There are other aspects of inflation that interest rates cannot control.

Supply-side Factors

Energy prices are the main threat at present. There are many factors contributing to this, from the shuttering of nuclear capacity in Germany to the restriction of Russian oil and gas flows to the West. Germany has already declared it has reached stage two of its three-stage energy emergency program. Many of the higher wholesale energy prices have not even been transmitted to the retail level. I recently heard from a Hungarian energy expert that retail gas prices in Hungary are expected to go up 400-600% over the next year. Clearly, the full effect of energy price increases is nowhere near baked into current inflation rates.

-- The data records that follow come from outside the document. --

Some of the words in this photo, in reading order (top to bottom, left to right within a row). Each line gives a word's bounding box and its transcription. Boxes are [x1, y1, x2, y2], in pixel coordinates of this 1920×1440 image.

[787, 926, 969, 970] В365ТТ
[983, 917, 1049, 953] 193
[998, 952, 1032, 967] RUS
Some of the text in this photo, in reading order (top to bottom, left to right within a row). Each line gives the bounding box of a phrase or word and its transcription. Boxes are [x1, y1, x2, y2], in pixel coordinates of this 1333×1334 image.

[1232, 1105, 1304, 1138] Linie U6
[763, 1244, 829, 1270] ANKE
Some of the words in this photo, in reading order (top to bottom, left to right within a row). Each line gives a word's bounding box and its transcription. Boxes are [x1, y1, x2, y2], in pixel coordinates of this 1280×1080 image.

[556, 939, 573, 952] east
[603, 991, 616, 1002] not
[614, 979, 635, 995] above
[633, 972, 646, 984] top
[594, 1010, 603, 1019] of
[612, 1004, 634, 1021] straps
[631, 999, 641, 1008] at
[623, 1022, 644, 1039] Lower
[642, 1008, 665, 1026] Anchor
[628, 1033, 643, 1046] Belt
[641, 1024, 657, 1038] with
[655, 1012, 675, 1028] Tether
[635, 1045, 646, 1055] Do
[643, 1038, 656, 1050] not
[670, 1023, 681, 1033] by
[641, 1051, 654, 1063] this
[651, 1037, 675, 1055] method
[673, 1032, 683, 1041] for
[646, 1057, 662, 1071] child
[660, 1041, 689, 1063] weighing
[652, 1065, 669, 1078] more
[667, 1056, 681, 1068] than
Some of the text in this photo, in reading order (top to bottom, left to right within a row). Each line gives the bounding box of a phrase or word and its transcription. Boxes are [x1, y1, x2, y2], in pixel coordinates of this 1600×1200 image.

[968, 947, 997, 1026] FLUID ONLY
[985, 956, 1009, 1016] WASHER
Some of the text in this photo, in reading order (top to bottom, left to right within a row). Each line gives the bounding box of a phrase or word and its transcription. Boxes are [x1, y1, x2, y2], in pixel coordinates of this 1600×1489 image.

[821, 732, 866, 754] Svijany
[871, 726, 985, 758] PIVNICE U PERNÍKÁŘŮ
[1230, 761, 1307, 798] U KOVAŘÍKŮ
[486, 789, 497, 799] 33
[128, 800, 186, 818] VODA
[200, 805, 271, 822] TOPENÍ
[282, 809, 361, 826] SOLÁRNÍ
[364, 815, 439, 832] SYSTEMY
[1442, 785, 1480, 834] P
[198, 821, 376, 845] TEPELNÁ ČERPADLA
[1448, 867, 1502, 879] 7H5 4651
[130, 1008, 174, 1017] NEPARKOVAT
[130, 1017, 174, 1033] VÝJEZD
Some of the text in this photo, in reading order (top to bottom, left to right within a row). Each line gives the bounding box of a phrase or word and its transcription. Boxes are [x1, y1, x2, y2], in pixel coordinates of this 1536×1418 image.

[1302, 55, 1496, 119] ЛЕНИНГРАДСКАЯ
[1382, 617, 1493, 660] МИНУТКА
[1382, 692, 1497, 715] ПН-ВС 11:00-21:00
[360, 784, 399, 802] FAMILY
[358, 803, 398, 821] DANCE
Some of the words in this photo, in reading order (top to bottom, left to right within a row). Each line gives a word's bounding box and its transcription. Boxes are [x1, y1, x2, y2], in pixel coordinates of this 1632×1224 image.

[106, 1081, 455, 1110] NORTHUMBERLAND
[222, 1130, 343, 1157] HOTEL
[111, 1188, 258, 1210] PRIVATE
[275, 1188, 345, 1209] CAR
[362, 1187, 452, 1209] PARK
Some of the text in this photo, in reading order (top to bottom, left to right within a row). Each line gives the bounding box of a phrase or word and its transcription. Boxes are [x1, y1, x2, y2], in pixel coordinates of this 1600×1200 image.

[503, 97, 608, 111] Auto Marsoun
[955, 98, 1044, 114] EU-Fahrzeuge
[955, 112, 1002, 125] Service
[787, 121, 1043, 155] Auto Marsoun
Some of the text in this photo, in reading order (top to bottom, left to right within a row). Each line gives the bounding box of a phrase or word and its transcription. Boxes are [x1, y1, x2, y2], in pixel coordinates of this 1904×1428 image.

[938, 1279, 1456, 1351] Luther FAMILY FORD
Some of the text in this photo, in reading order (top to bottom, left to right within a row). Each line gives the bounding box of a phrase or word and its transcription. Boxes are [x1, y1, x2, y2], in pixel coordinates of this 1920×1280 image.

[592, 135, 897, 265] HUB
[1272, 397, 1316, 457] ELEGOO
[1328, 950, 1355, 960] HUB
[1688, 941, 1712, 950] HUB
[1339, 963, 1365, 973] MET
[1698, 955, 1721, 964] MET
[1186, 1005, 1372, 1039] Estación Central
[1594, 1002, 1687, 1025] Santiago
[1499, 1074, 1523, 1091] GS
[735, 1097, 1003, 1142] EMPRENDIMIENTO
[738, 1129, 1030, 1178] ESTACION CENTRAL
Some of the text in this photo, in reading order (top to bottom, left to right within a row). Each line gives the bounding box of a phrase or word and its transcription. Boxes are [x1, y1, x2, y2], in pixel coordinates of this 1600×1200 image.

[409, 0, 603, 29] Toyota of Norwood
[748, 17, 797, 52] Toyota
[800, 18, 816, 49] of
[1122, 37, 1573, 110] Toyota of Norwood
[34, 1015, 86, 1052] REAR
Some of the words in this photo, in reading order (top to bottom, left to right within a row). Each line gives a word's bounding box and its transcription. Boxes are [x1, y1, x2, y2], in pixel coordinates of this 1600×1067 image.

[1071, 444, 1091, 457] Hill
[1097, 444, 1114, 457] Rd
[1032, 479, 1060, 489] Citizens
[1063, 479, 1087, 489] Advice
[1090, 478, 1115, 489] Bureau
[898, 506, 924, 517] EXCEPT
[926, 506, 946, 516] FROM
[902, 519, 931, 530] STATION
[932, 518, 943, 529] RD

While wheat prices may have come down 20% from their recent peak, it remains very expensive, and global wheat stocks are at historic lows. The Fed can print money but cannot print oil, gas, wheat or other commodities. This winter, we may see food or energy crises creating unprecedented inflationary pressure.

Psychological Factors

There is increasing evidence that people are coming to expect higher inflation, which gets translated into higher salary demands, etc., creating a spiral.

What about the importance of monetary policy on inflation? As Milton Friedman once famously said: “Inflation is always and everywhere a monetary phenomenon, in the sense that it cannot occur without a more rapid increase in the quantity of money than in output.”

During the 2008 recession, the money supply increased, but most of this was sterilized at the level of the banks, avoiding inflation. Since COVID-19, helicopter money and increased bank lending have put vastly more money into the hands of individuals and corporations, with inflationary effect.

Modern Monetary Policy (MMP) is a school of thought that says a central bank may print an infinite amount of its own currency without affecting inflation, so long as this additional money supply is absorbed by central bank bond purchases. Fed chair Jerome Powell has announced that he intends to reduce the Fed’s balance sheet (e.g., sell bonds) to the tune of more than USD 2 trillion at a time when there will be a need to finance at least an additional USD 2 tln of the federal deficit. Who will buy all these bonds, carrying large negative yields, if not the Fed? 

We are entering into the realm of voodoo economics. Markets have every right to be concerned.

Les Nemethy is CEO of Euro-Phoenix Financial Advisers Ltd. (www.europhoenix.com), a Central European corporate finance firm. He is a former World Banker, author of Business Exit Planning (www.businessexitplanningbook.com), and a previous president of the American Chamber of Commerce in Hungary.